3.1. Baishuihe Landslide

This paper analyzes the Baishuihe landslide, which is located near the Three Gorges Reservoir, to validate the time series analysis method and Double-BiLSTM hybrid dynamic landslide displacement prediction model. The specific geographical location of the Baishuihe landslide is shown in Figure 4.

The Baishuihe landslide is located on the south bank of the Yangtze River upstream of the Three Gorges Dam, with a longitude of 110°32’09” and latitude of 31°01’34”. The landslide is approximately 56 km from the Three Gorges Dam. The terrain exhibits a ladder-shaped topology, belonging to the Baishuihe village, Shazhenxi town, Zigui County. The top elevation of the slope ranges from 450 to 500 m. At an elevation from 180–500 m, the terrain slope ranges from 24 to 36°. From 130–180 m, the terrain is relatively flat with a slope ranging from 5 to 12°. At elevations from 80–130 m, the slope ranges from 27 to 31°. The overall leading and trailing edges of the terrain slope are relatively uneven and relatively gentle in the middle, resulting in a monocline slope.

There are obvious signs of displacement of the Baishuihe landslide. Since 2005, there occurred a partial tensile crack collapse at the back of the landslide. To date, the cracks on the east side and back edge of the landslide are basically transecting cracks; there are a large number of tensile cracks in the west, and local shallow failure is often produced.

The Baishuihe landslide contains a total of 11 global positioning system (GPS) points, among which ZG118 is located at the center of the landslide, which better reflects the process of landslide displacement change than do other GPS points. Xing et al. [15] and Miao et al. [32] also applied the monitoring data of ZG118 as experimental data in displacement prediction, so this paper also employs the data at the ZG118 monitoring point in experiments. The installation position of GPS points is shown in Figure 5.

In this paper, 108 landslide displacement, rainfall and reservoir water level change data points pertaining to the Baishuihe landslide from January 2004 to December 2012 are considered. This dataset is provided by the National Cryosphere Desert Data Center/National Service Center for Speciality Environmental Crisis Observation. As shown in Figure 6, the data acquisition frequency is once a month. Through modeling and simulation of these data, the effectiveness of the EWMA algorithm proposed in this paper based on the principle of time series analysis and the feasibility and effectiveness of the Double-BiLSTM hybrid model are verified.

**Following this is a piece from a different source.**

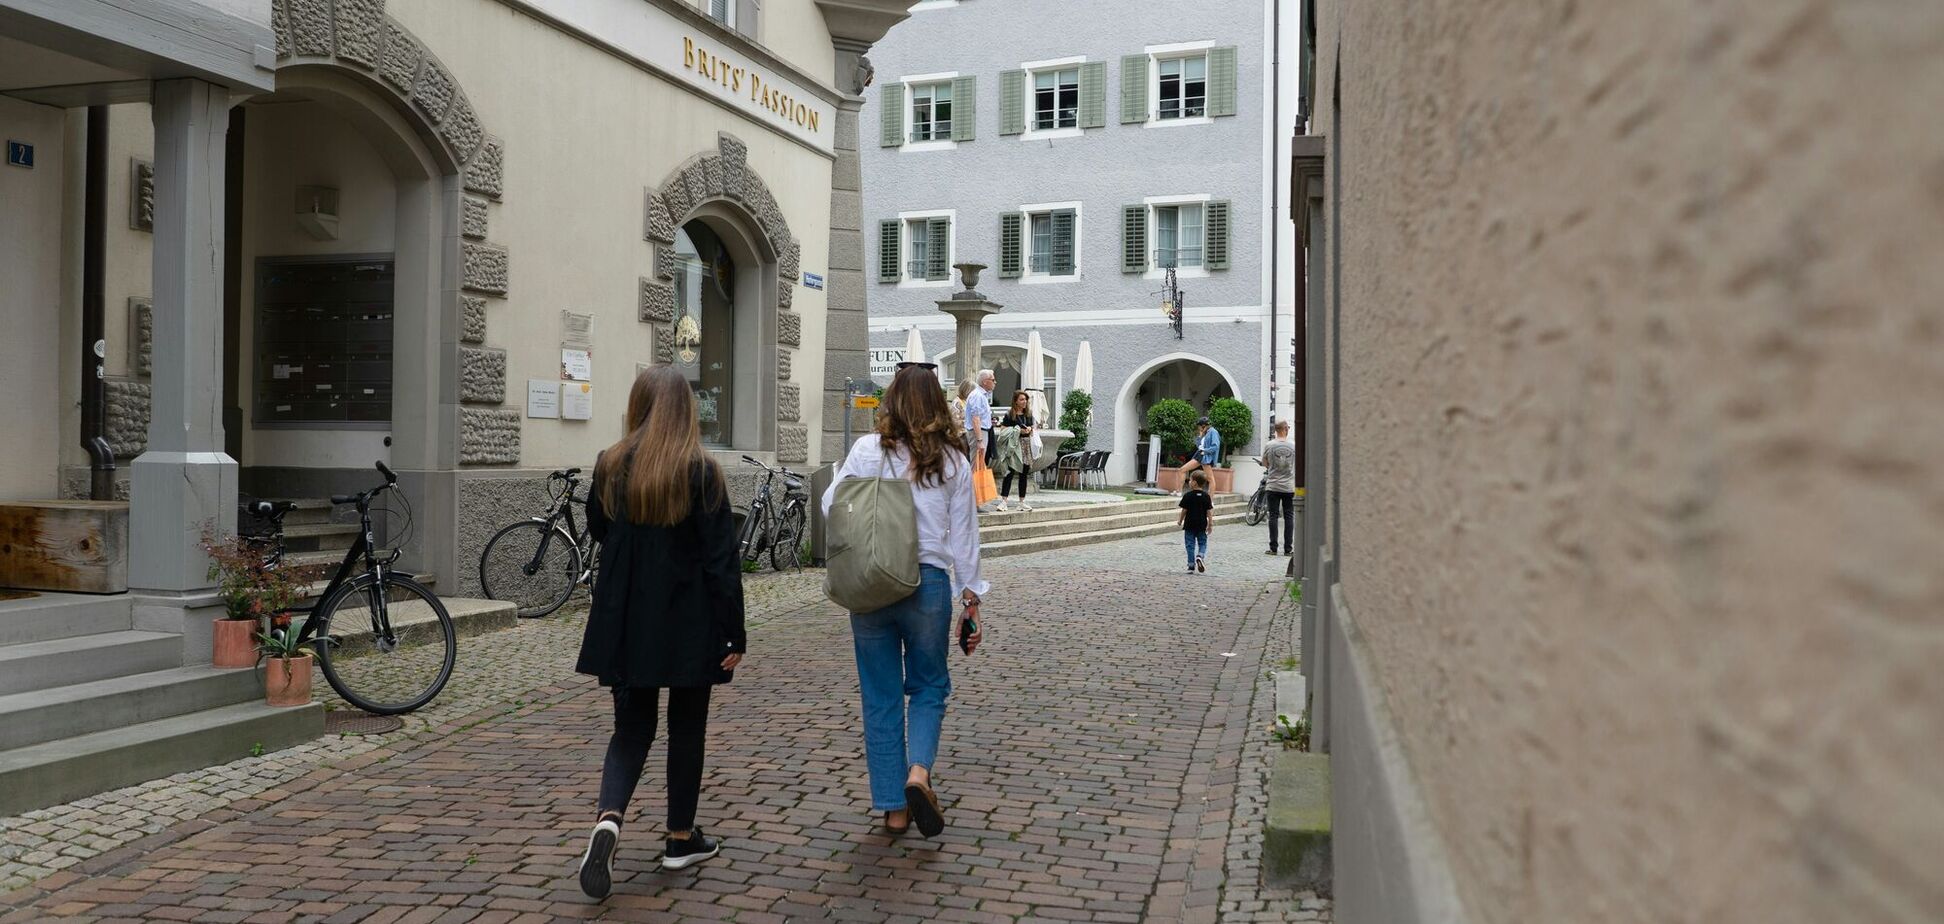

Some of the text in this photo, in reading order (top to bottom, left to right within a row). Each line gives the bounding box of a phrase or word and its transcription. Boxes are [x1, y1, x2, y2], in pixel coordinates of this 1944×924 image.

[683, 36, 820, 133] BRITS' PASSION
[19, 145, 26, 164] 2

According to time series analysis theory, the EWMA method is implemented to decompose the actual landslide displacement to obtain landslide trend and periodic displacement components. Xiu et al. [34] reported that when α changed between 0.05 and 0.3, small changes could be detected more effectively. Therefore, we conducted experiments with α values of 0.05, 0.1, 0.15, 0.2, 0.25 and 0.3, respectively. As the periodic displacement is mainly affected by external factors, the periodic displacement obtained by decomposition is correlated with rainfall and reservoir water level, and the results are shown in the following table:

As can be seen from the correlation results in

Table 1. Factors of model training for periodic displacement prediction.

α	Rainfall—MIC	α	Reservoir Water Level—MIC
0.05	0.324714915	0.05	0.751251529
0.1	0.324715703	0.1	0.751252363
0.15	0.324716778	0.15	0.751252991
0.2	0.324716832	0.2	0.751253684
0.25	0.324716885	0.25	0.751253792
0.3	0.324716872	0.3	0.751252125

, when α = 0.25, the periodic displacement is highly correlated with rainfall and reservoir water level, so we choose α = 0.25 to decompose landslide displacement in this paper. These three displacement components of the Baishuihe landslide are shown in Figure 7.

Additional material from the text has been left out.